During a neighbourhood baseball game between the Harbord Playground team and another represented by St.Peter’s church a couple of days before the brawl, someone pulled out a white flag containing a swastika. The action mobilized supporters and opponents of the Nazi Party. Up to 10,000 people converged upon the park as the game suddenly became a platform for racial politics, and soon enough, young men brawled for over five hours in what the Toronto Daily Star called “one of the worst free-for-alls ever seen in the city.”
Image source: Toronto Daily Star/Toronto Public Library
Stabbings and beatings forced several young men on both sides to go to Toronto Western Hospital, many of whom were simply bystanders drawn by the crowd. The Daily Star claimed that the violence was due in part to many in the crowd chanting “Heil, Hitler”, the common Nazi German salute, towards those the Germans had already begun victimizing.

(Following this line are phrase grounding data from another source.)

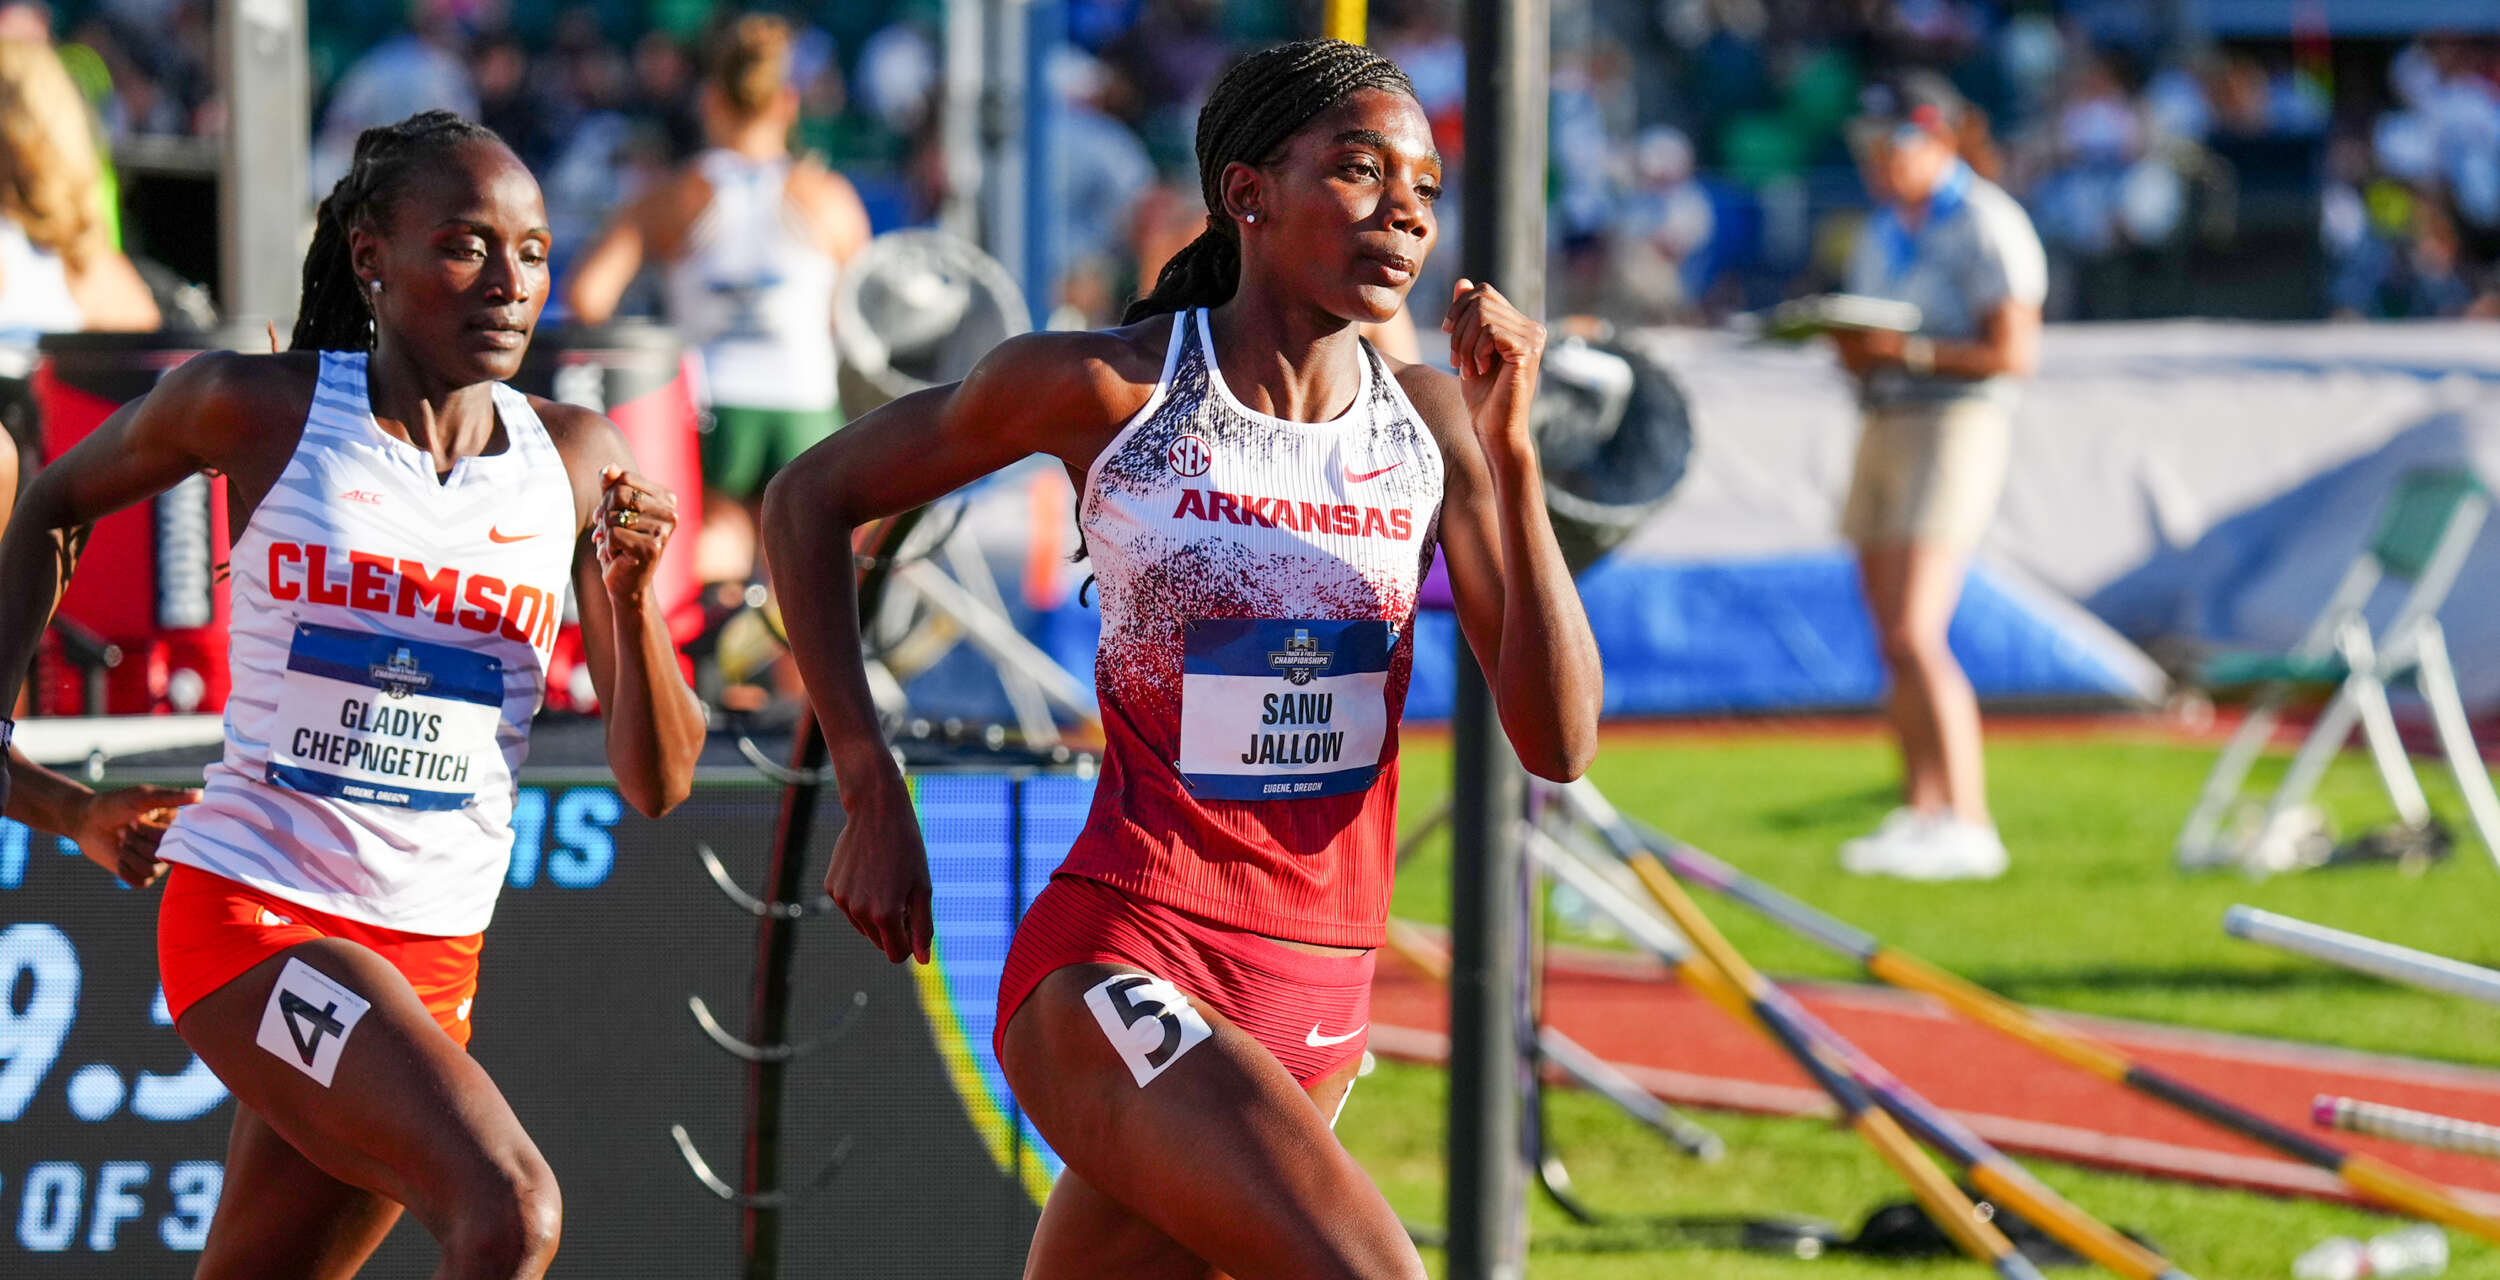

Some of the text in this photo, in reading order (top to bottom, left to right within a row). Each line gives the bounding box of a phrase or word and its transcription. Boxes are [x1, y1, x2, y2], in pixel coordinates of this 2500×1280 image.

[1171, 436, 1210, 475] SEC
[339, 489, 384, 505] ACC
[1173, 489, 1412, 541] ARKANSAS
[268, 541, 555, 653] CLEMSON
[1274, 656, 1328, 665] CHAMPIONSHIPS
[340, 698, 442, 743] GLADYS
[1262, 693, 1333, 725] SANU
[292, 728, 469, 783] CHEPNGETICH
[1241, 731, 1344, 765] JALLOW
[1264, 781, 1323, 793] EUGENE, OREGON
[278, 988, 346, 1068] 4
[1106, 977, 1182, 1069] 5
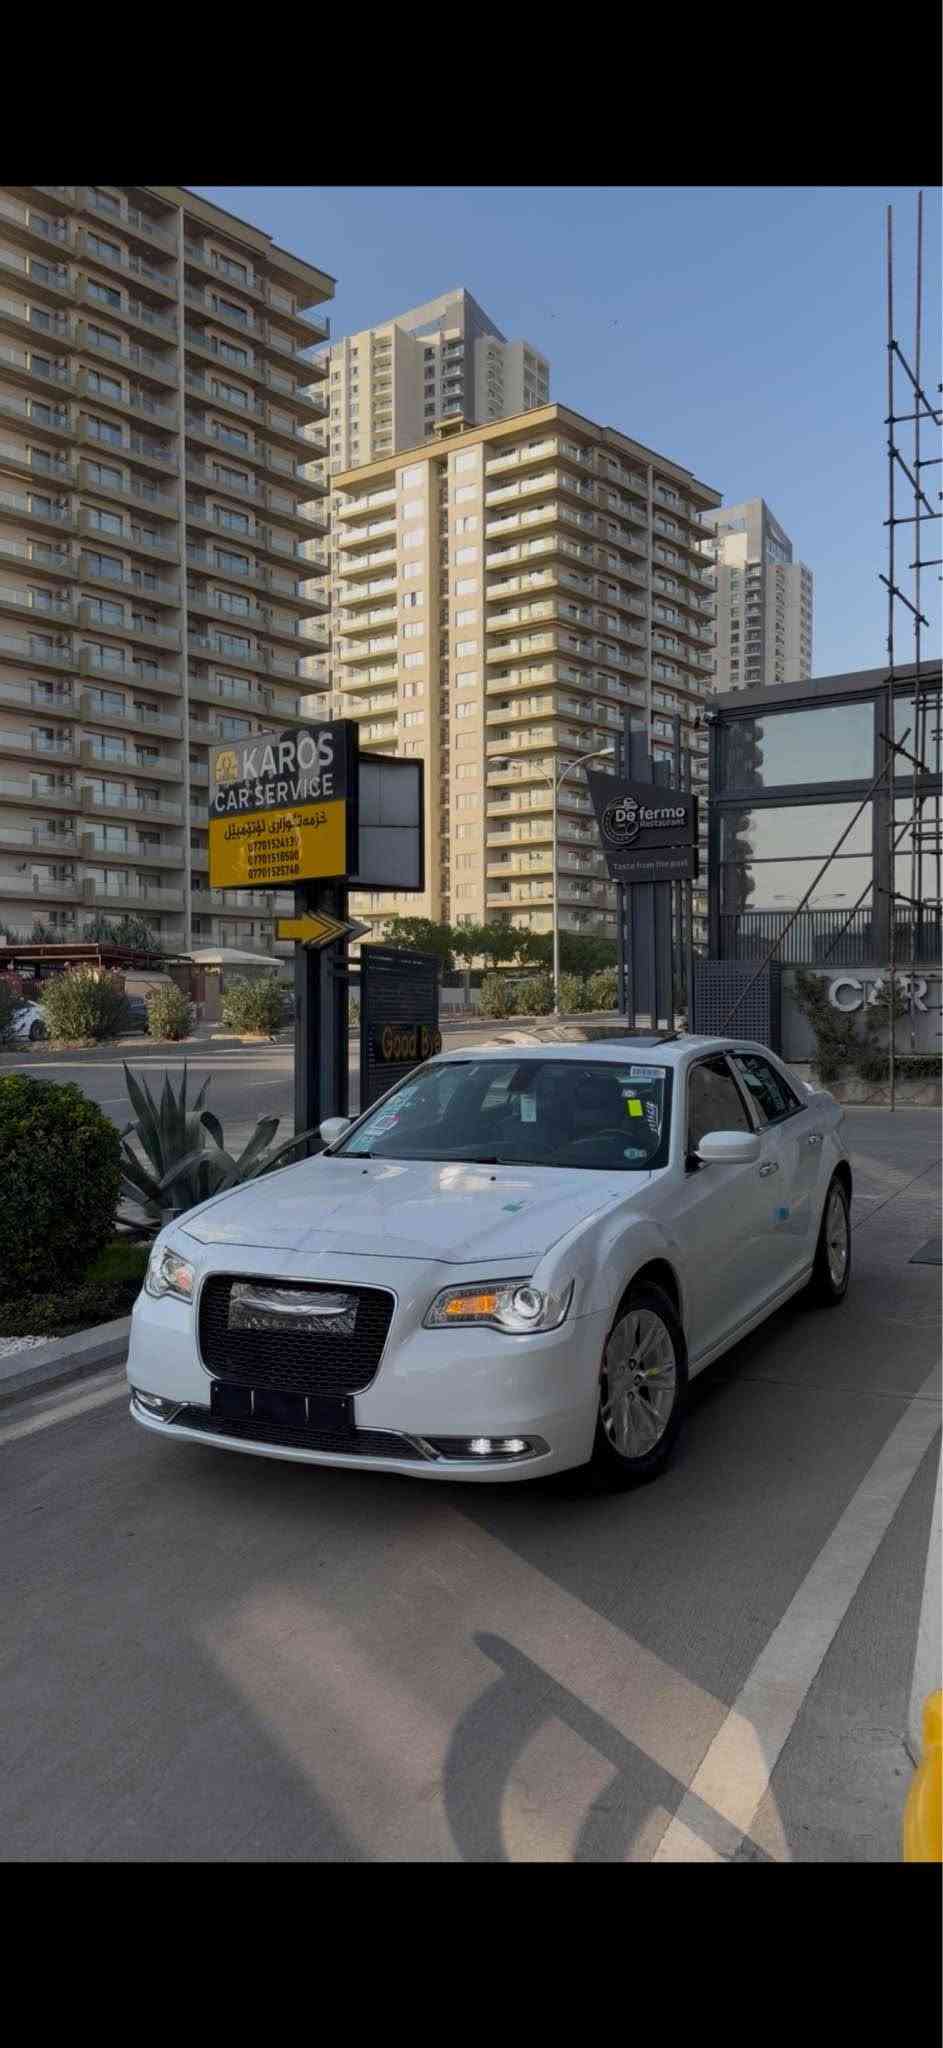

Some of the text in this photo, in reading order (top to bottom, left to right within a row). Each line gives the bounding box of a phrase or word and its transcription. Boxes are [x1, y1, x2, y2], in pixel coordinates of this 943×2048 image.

[242, 730, 334, 779] KAROS
[215, 773, 334, 812] CAR SERVICE
[639, 806, 685, 820] fermo
[382, 1024, 417, 1058] Good
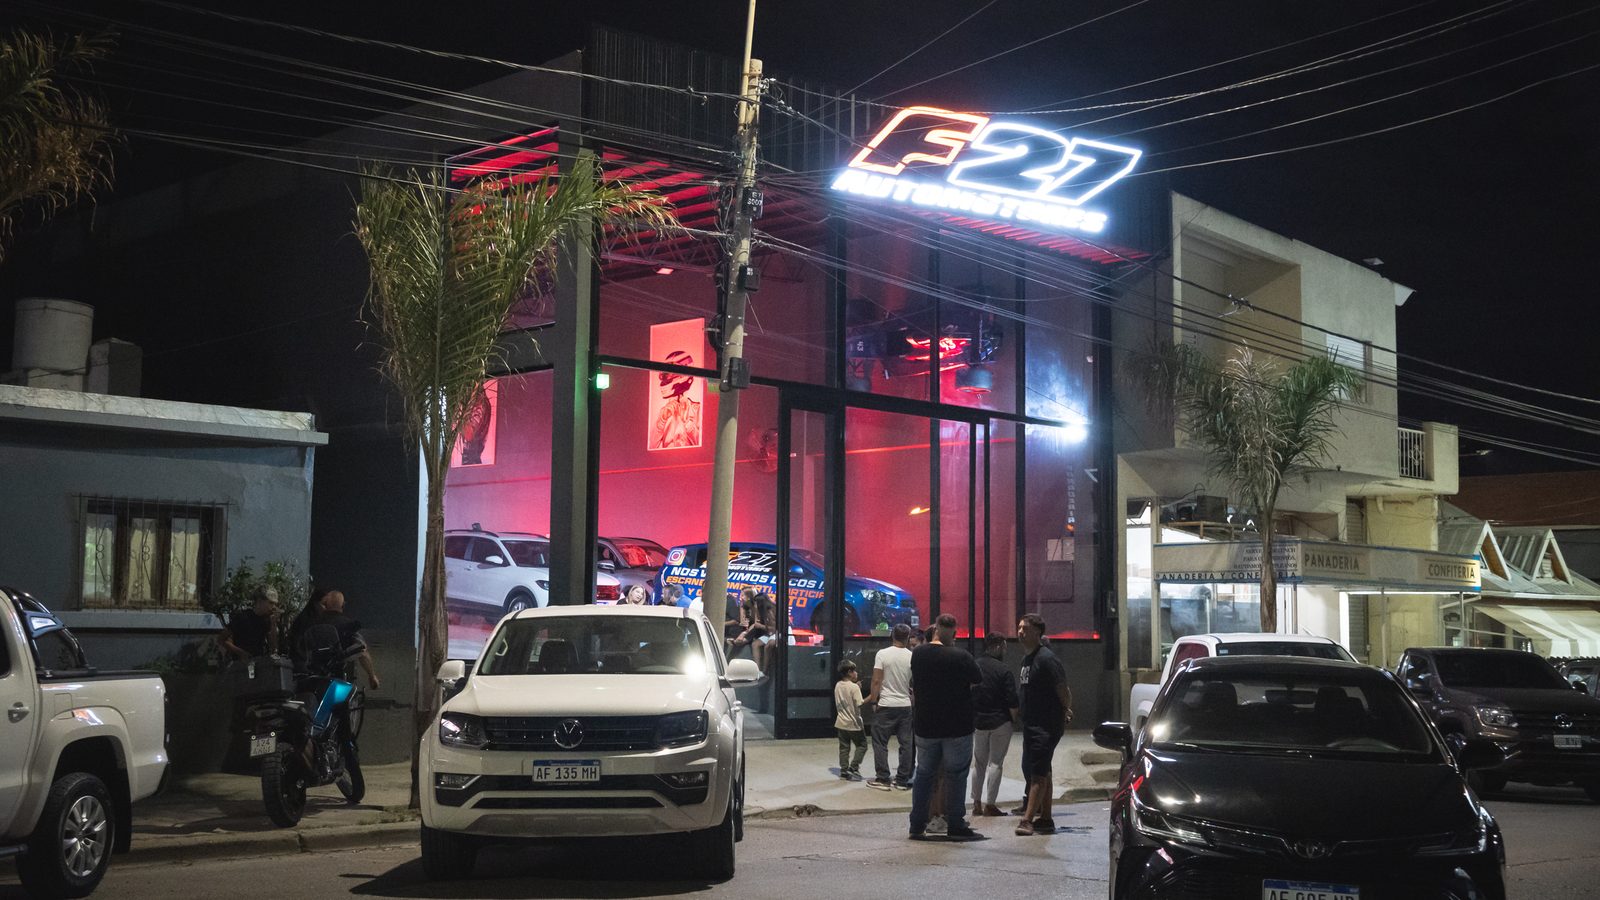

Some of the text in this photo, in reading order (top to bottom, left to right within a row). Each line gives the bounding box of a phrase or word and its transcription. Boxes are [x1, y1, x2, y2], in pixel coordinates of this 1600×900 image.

[847, 105, 1143, 206] F27
[831, 168, 1108, 233] AUTOMOTORES
[1304, 552, 1475, 579] PANADERIA CONFITERIA
[666, 575, 705, 587] ESCANE
[670, 566, 699, 577] NOS
[770, 575, 817, 588] LCOS
[1220, 571, 1226, 580] Y
[1231, 571, 1297, 581] CONFRIA
[687, 587, 695, 596] Y
[536, 767, 597, 780] AF 135 MH

That very year, Adolf Hitler kickstarted twelve years of persecution, violence and genocide against Jews, Roma, Jehovah’s Witnesses, homosexuals and political dissidents, though even his supporters could not have predicted the horrific extent of the Third Reich.
Even after using horses, billie clubs and even exhaust smoke from motorcycles, the crowds at Christie Pits failed to disperse in an orderly manner. Only at 2am did the fighting begin to dissipate.
According to the Toronto Daily Star, “[h]eads were opened, eyes blacked and bodies thumped and battered as literally dozens of persons, young and old, many of them non-combatant spectators, were injured more or less seriously by a variety of ugly weapons in the hands of wild-eyed and irresponsible young hoodlums, both Jewish and Gentile.”
Recently, author Jamie Michael and illustrator Doug Fedrau published a graphic novel called Christie Pits, about the riots. The book examines both the events as well as the social climate of Toronto and Nazi Germany at the time.